The U.S. government designated this region as an Indian Territory at the time of the 1830 Indian Removal Act. About thirty Eastern tribal nations were relocated to reservations in Kansas, including Lenape and Munsee (Delaware), Shawnee, Miami, Kaw, Osage, Peoria, and Wyandot. Today, four federally recognized tribal nations remain from those times: Potawatomi, Kickapoo, Sac and Fox, and the Iowa Tribe of Kansas and Nebraska. In addition, federally recognized tribes in Oklahoma have land holdings in Kansas, notably the Wyandotte Nation, which has three casinos in the Kansas City, Kansas, area; and the Delaware Tribe of Oklahoma, which has a second tribal headquarters in Caney, Kansas, and eighty acres in North Lawrence, currently undeveloped.

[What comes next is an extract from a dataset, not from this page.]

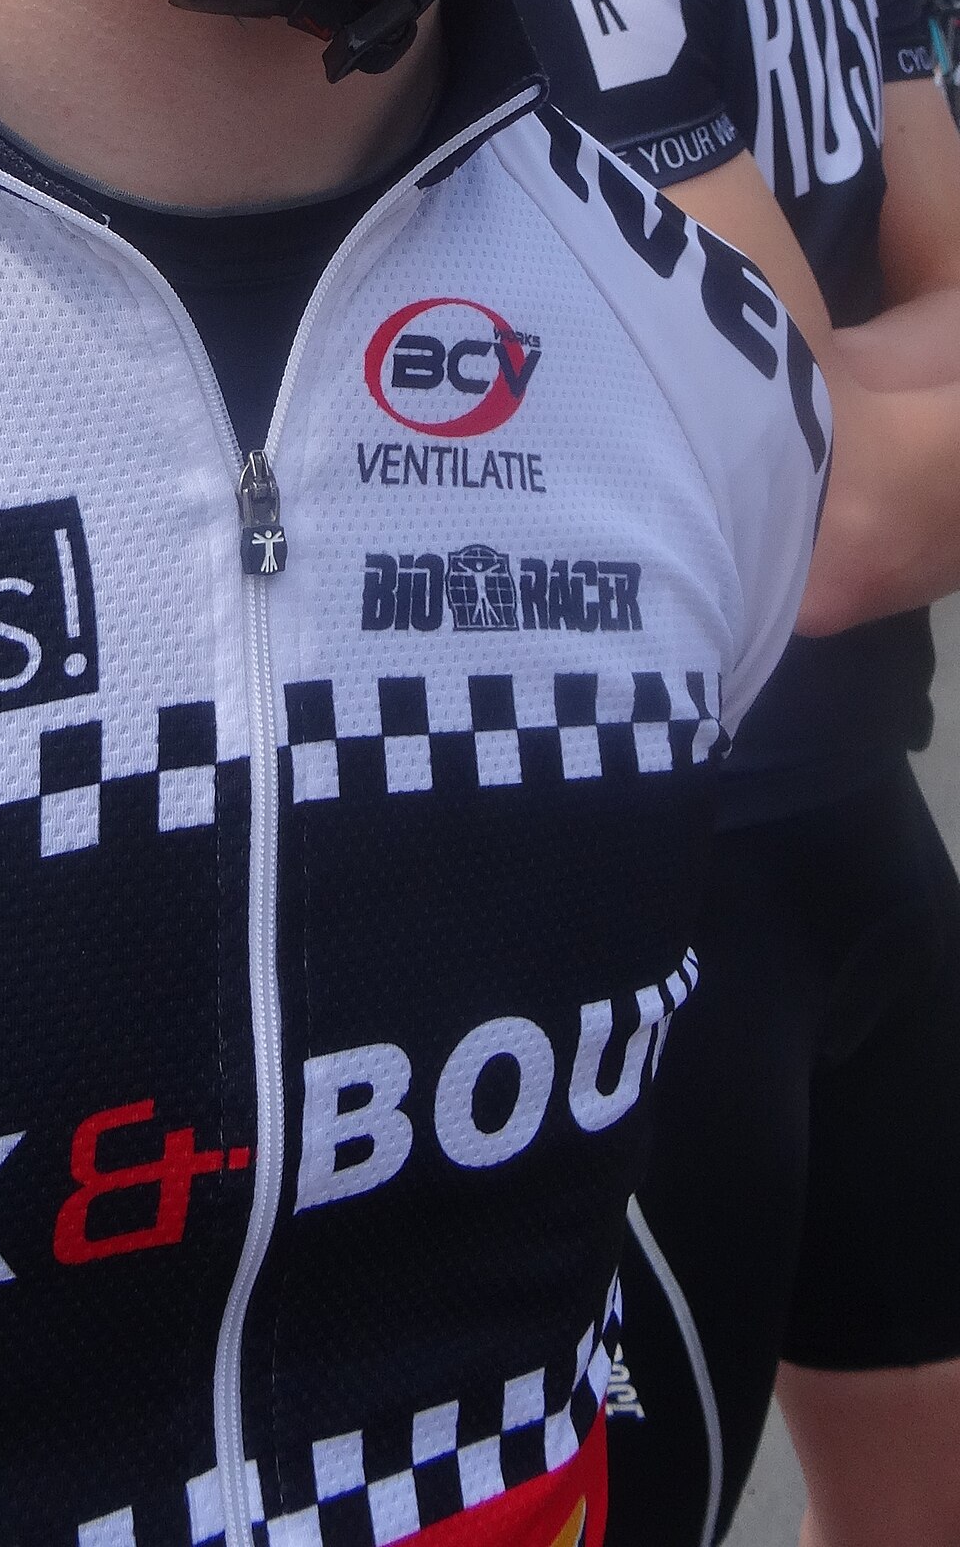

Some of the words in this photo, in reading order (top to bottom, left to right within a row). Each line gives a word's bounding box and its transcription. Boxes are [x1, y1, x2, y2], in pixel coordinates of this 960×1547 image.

Kansas is adjacent to Oklahoma, which was the reduced Indian Territory from 1834 to 1907, and migrations from one state to another are common. As the Civil War conflict spread into Indian Territory in the 1860s, tribal groups that sympathized with the Union fled into Kansas. Some returned after the war, and some did not. During World War II, many Oklahomans of all backgrounds migrated to Wichita to work in the airplane factories. Oklahomans and other neighboring states send large contingents of students to school at Haskell Indian Nations University. Haskell has, according to its website today,  students from “150 federally recognized sovereign nations from 38 states.” Most of these return home, but some remain in Kansas.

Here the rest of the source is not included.